$\newcommand{\SOn}{\operatorname{SO}_n}$
$\newcommand{\On}{\operatorname{O}_n}$
$\newcommand{\Sym}{\operatorname{Sym}_n}$
$\newcommand{\Skew}{\operatorname{Skew}_n}$
$\newcommand{\dist}{\operatorname{dist}}$
$\newcommand{\Sig}{\Sigma}$
$\newcommand{\sig}{\sigma}$
$\newcommand{\al}{\alpha}$
$\newcommand{\id}{\operatorname{Id}}$
This question is a reference request.
Claim:
Let $A $ be a $n \times n$ real matrix with non-positive determinant.
Then there is a unique closest matrix $Q \in \SOn$ to $A$ (w.r.t the Euclidean Frobenius norm) if and only if the smallest singular value of $A$ is strictly smaller than the rest of the singular values.

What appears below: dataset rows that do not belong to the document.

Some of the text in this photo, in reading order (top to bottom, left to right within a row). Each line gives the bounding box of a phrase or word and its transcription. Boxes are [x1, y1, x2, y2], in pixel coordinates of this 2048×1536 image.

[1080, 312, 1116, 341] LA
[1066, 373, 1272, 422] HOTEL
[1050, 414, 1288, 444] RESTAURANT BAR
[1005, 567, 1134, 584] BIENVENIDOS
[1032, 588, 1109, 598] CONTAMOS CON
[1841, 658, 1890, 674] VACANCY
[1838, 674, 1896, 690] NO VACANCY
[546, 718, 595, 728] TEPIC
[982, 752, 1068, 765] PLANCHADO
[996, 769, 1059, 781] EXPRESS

Question: Is this claim "known"? Where can I find a reference for it?
Note that I am looking for a reference, not a proof. (I have a proof…)

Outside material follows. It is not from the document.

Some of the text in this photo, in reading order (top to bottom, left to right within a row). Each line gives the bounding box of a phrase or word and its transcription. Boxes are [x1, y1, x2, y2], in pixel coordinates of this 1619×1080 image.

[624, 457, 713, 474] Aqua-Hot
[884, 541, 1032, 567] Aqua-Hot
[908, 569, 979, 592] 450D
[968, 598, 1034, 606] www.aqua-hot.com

Also, I am specifically asking for the distance minimizer in $\SOn$. If we replace $\SOn$ with $\On$, then the minimizer(s) is the orthogonal polar factor from polar decomposition. (and is unique whenever the matrix $A$ is invertible).
Best Answer
A casual google search reveals that the result was mentioned in Myronenko and Song (2009), On the closed-form solution of the rotation matrix arising in computer vision problems, arXiv:0904.1613v1:
However, as orthogonal Procrustes problem and its variants have almost been studied to death, I am certain that the result had been mentioned by other earlier papers.